ACTION ITEM: Your response should contain exactly the lines running from the one with "Some of the text" to the end of the data below, both included, and no pictures.

DATA FOR THIS EXERCISE:
☆ ☆ ☆ ☆

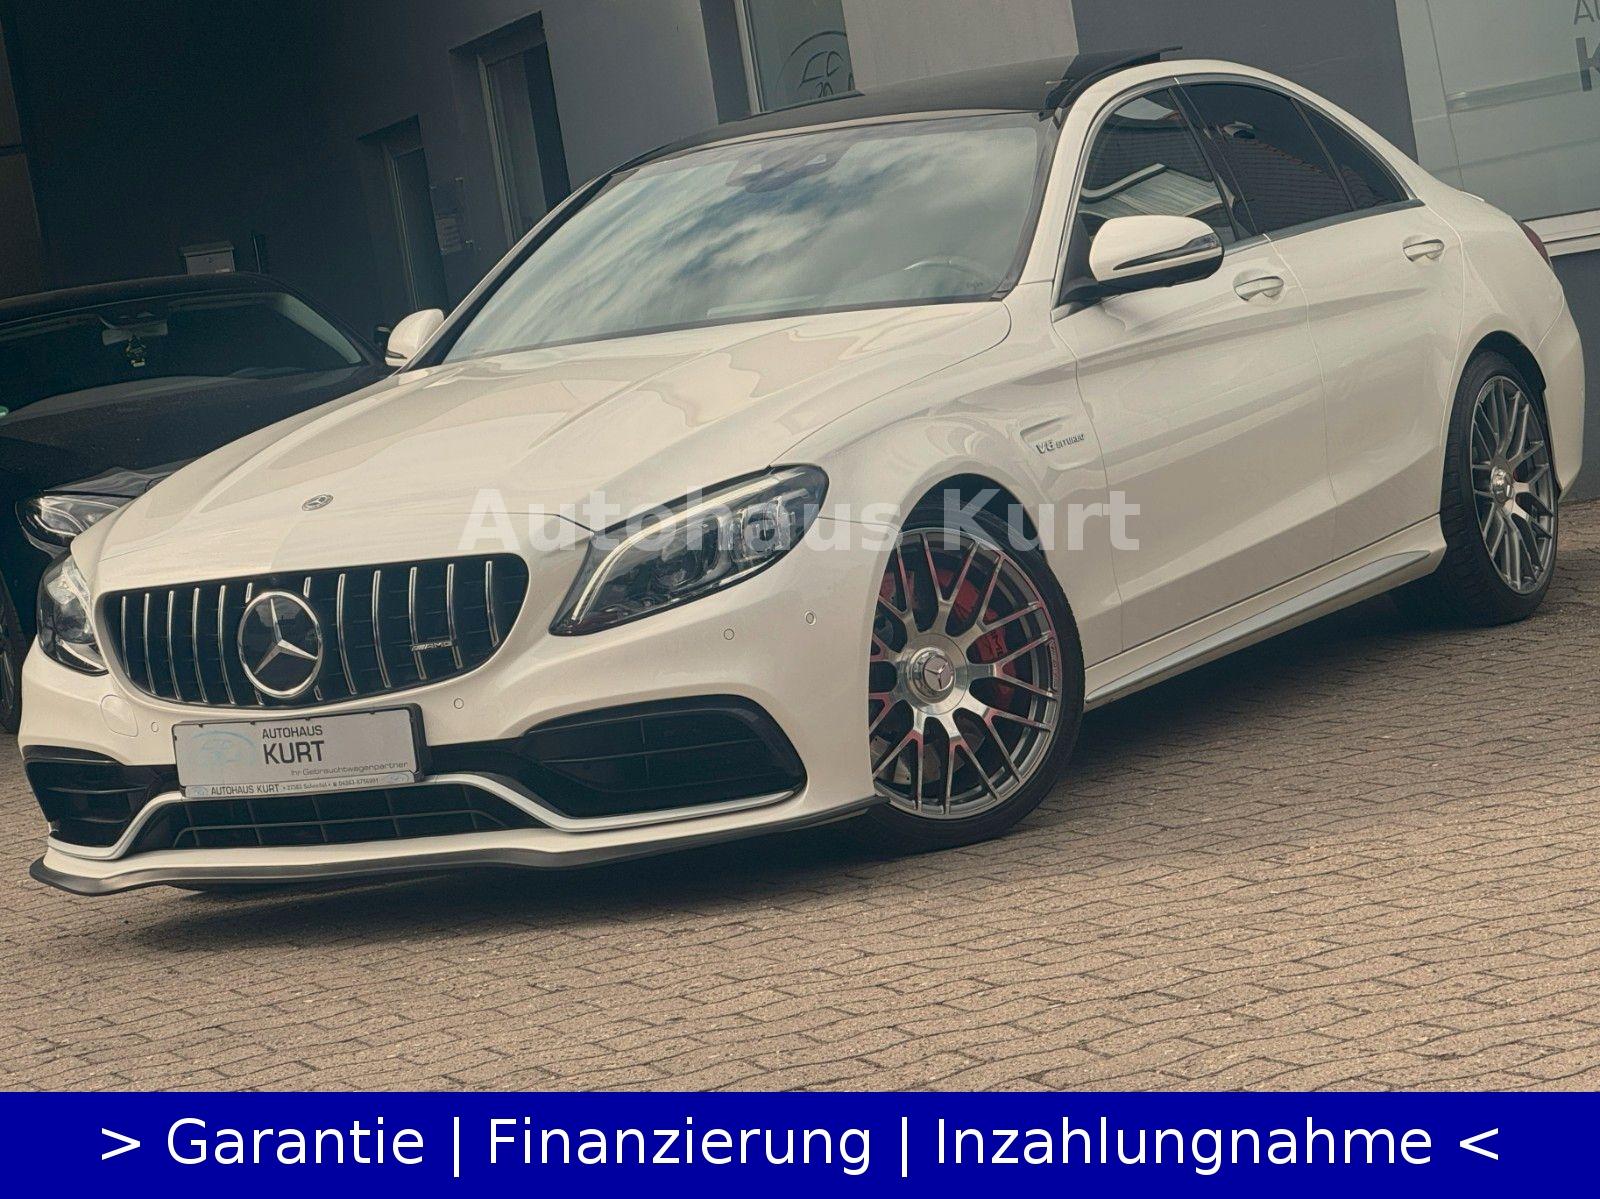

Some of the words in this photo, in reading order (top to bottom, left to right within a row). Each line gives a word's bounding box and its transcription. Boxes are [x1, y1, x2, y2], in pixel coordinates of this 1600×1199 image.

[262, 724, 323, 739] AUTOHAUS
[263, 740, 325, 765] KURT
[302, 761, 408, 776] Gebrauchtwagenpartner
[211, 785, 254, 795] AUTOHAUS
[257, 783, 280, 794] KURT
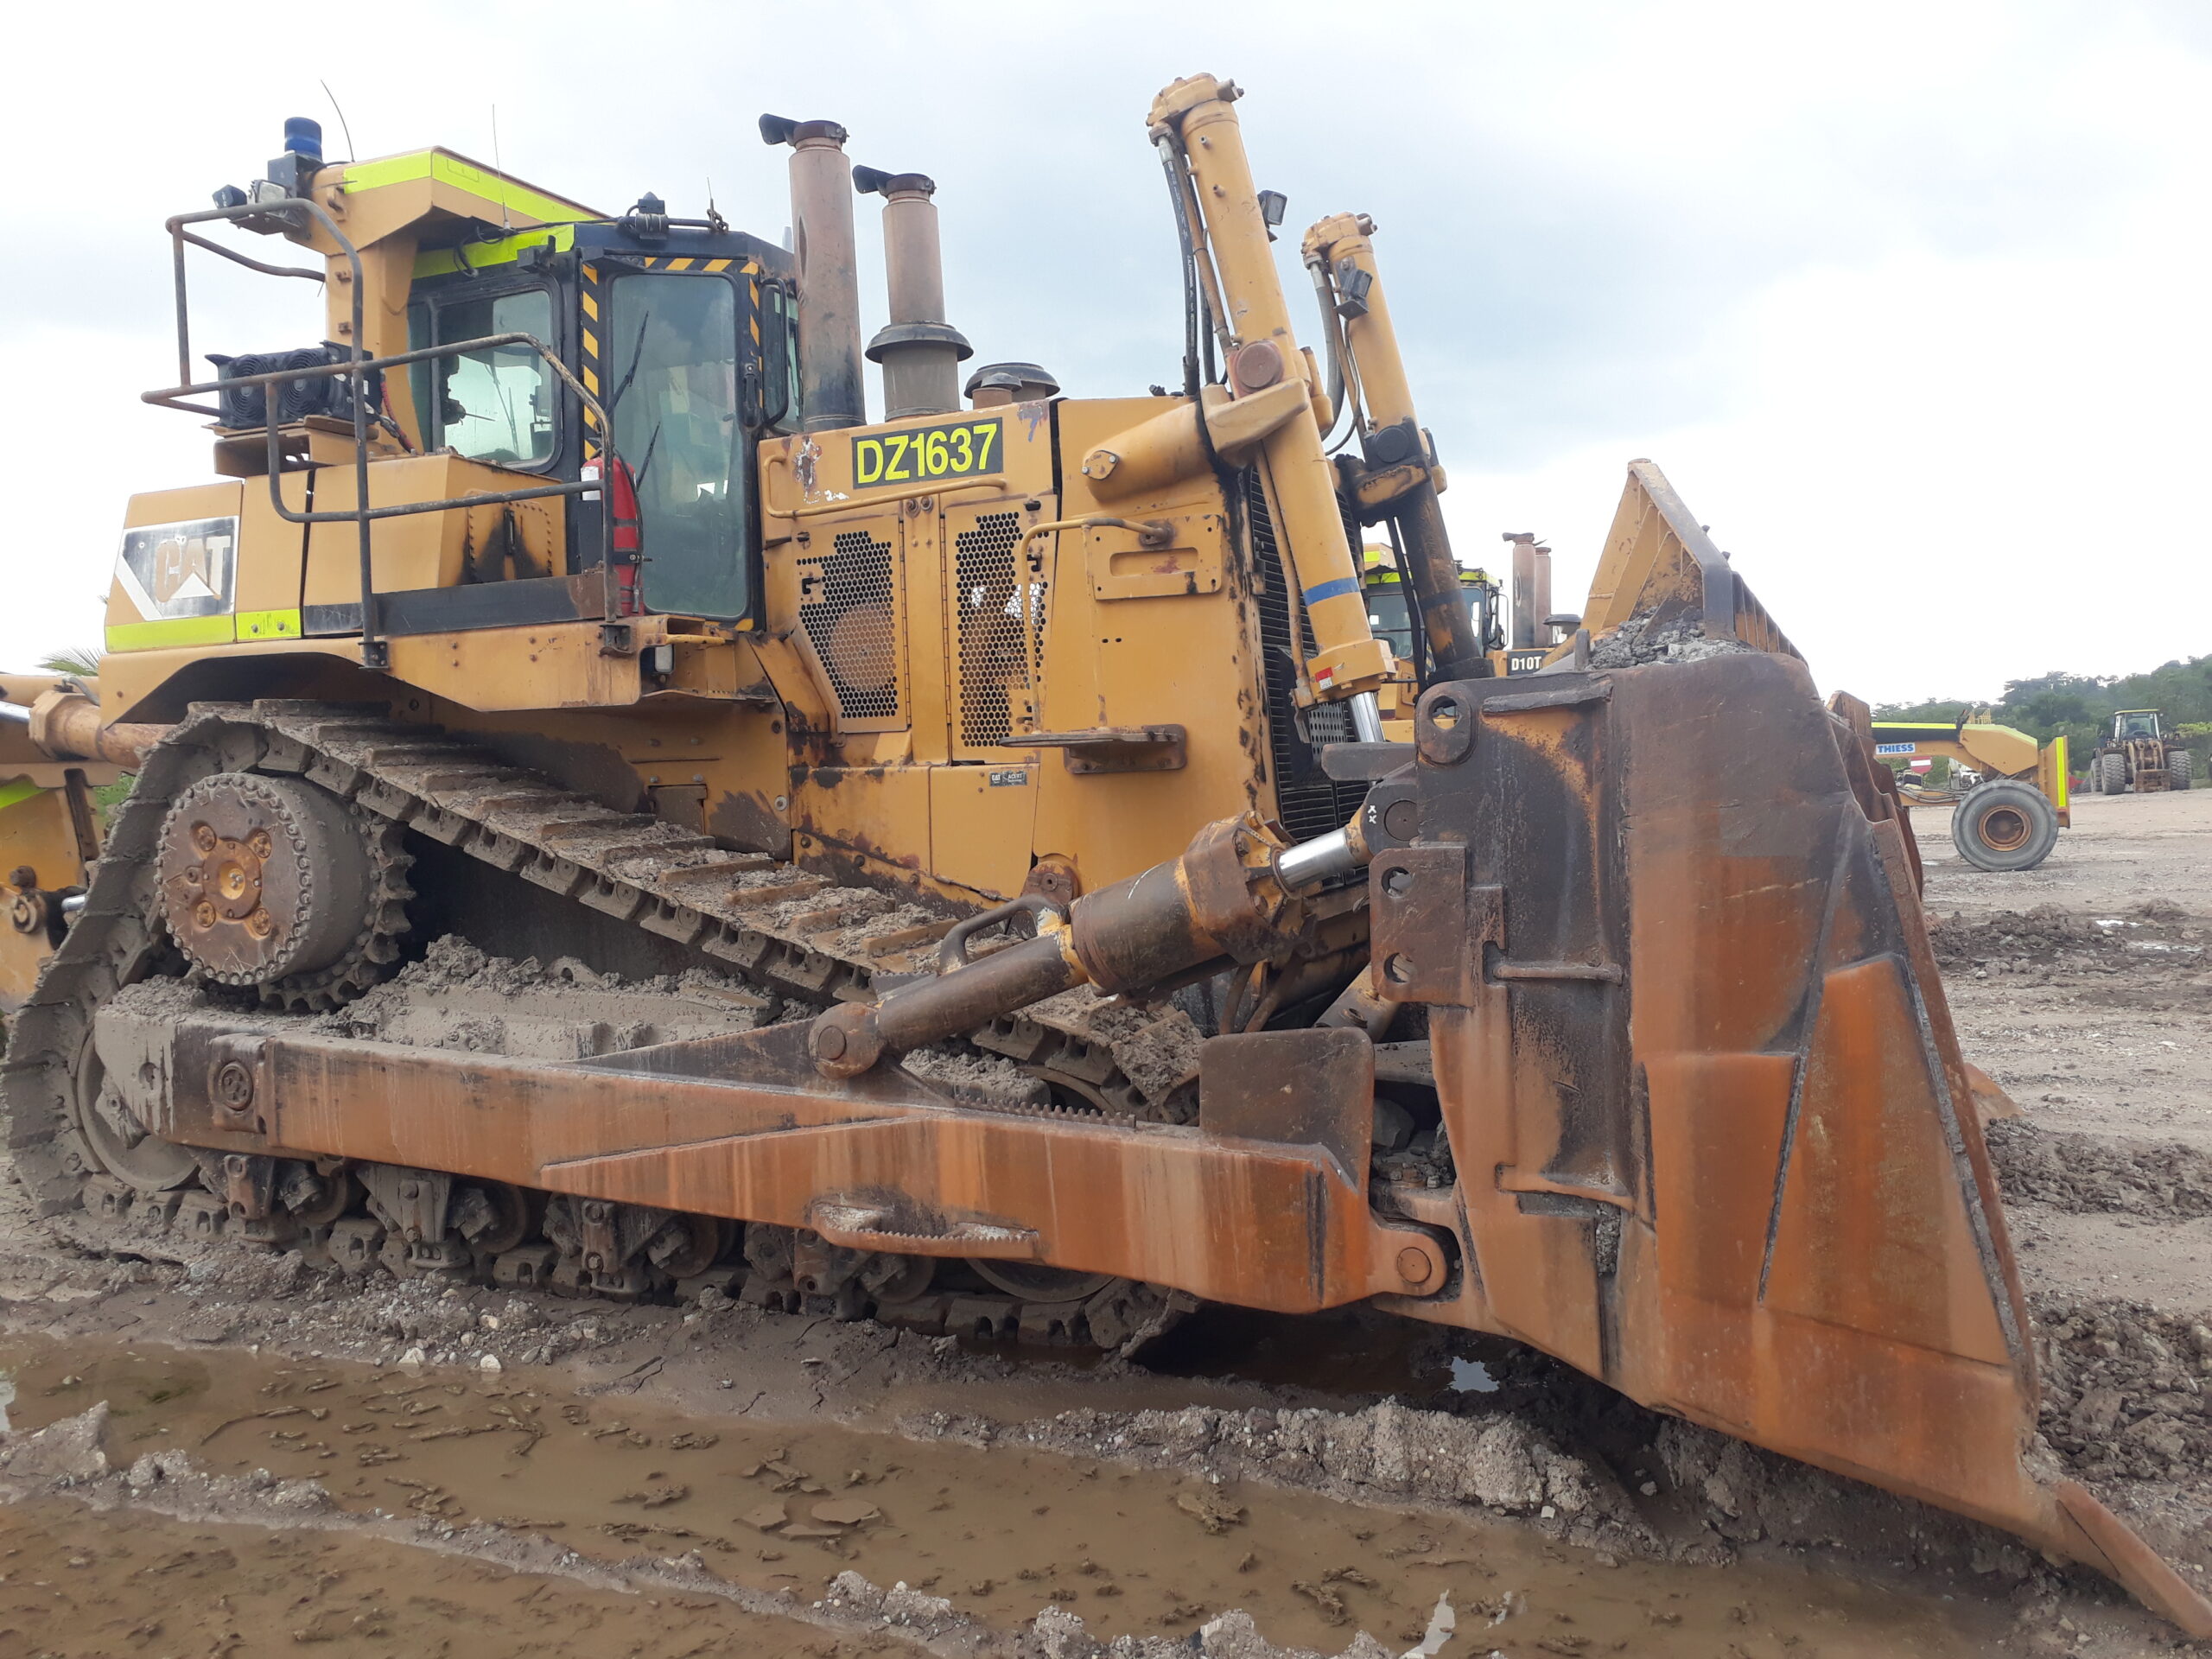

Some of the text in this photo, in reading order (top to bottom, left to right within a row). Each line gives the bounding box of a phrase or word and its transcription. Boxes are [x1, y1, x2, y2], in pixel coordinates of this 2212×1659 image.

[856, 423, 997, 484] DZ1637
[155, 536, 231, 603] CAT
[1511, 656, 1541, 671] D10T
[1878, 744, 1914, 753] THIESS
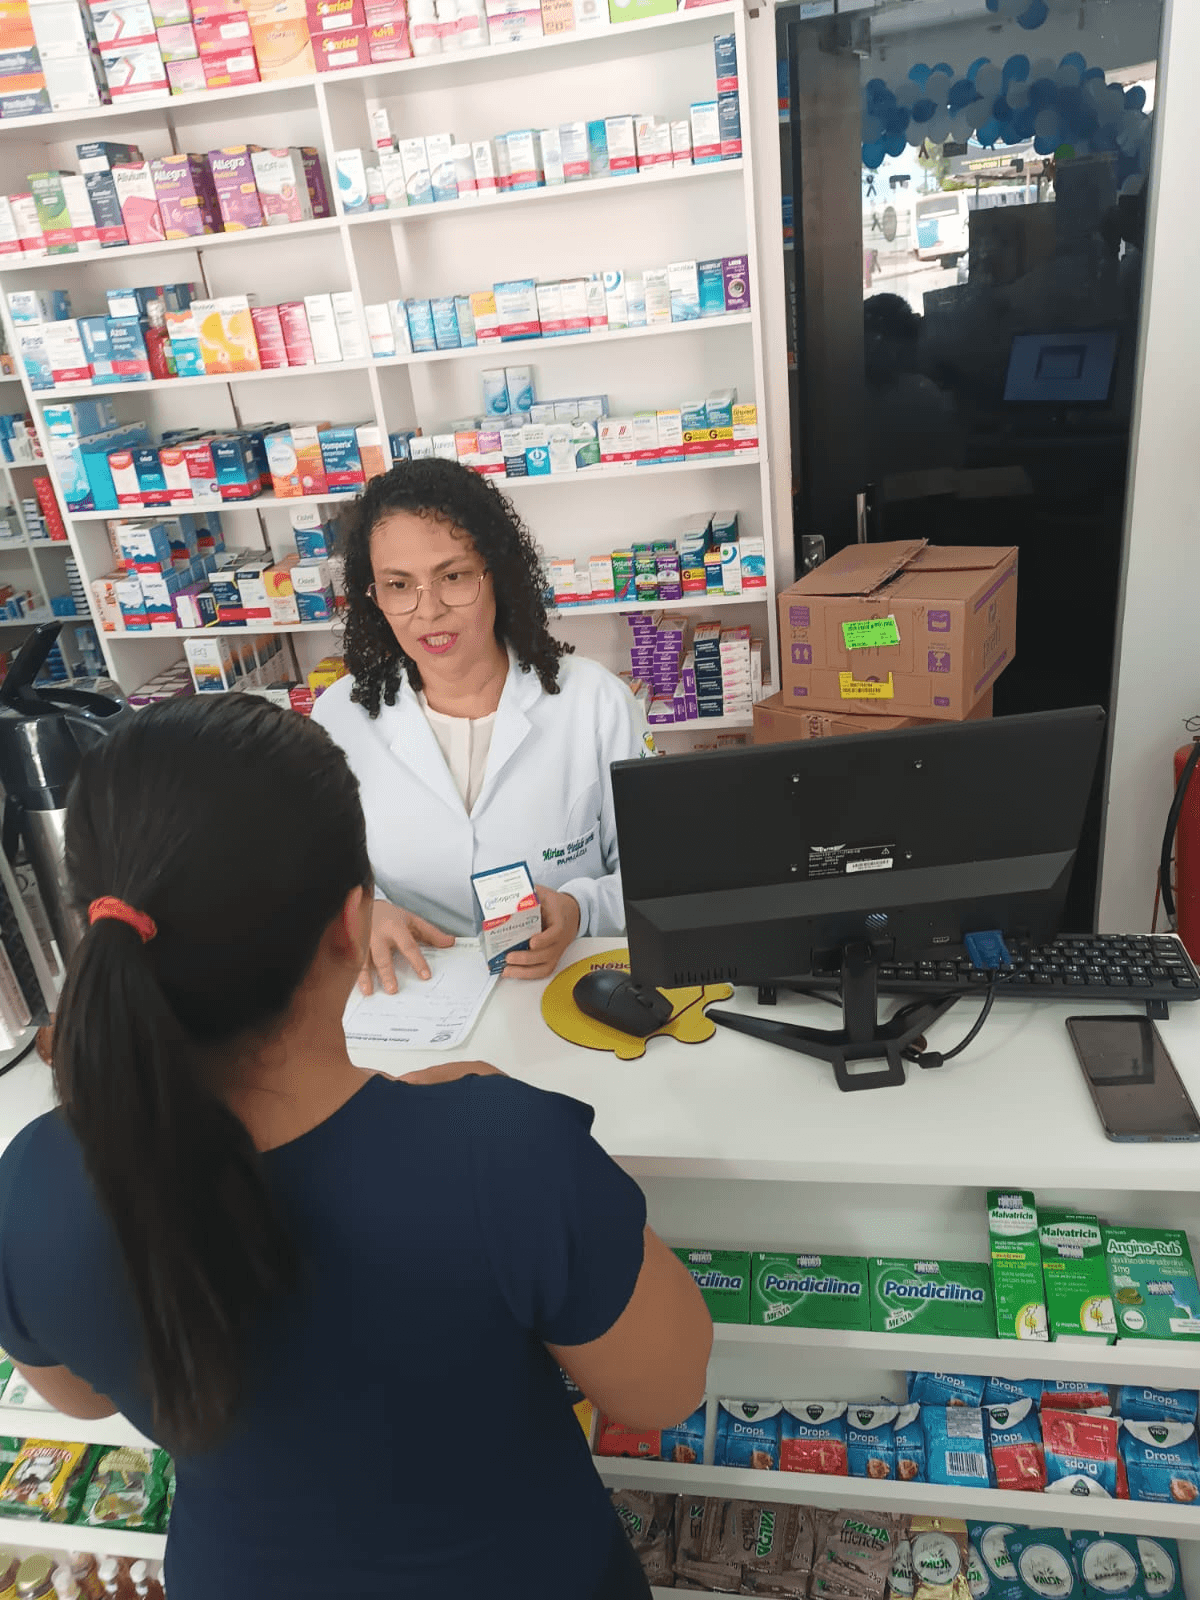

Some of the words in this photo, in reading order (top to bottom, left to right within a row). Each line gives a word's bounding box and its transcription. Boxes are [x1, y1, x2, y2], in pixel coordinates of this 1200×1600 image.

☆ ☆ ☆ ☆

EXERCISE SOLUTION:
Some of the text in this photo, in reading order (top to bottom, left to right within a row). Each line gives the bounding box of a phrase or word and its transcription. Boxes are [x1, y1, x2, y2], in pixel coordinates of this 2212×1659 image.

[856, 423, 997, 484] DZ1637
[155, 536, 231, 603] CAT
[1511, 656, 1541, 671] D10T
[1878, 744, 1914, 753] THIESS

Some of the words in this photo, in reading order (top to bottom, left to right within a row). Each line gives a word's bounding box and its transcription. Boxes are [x1, y1, x2, y2], in pixel coordinates of this 1200×1600 image.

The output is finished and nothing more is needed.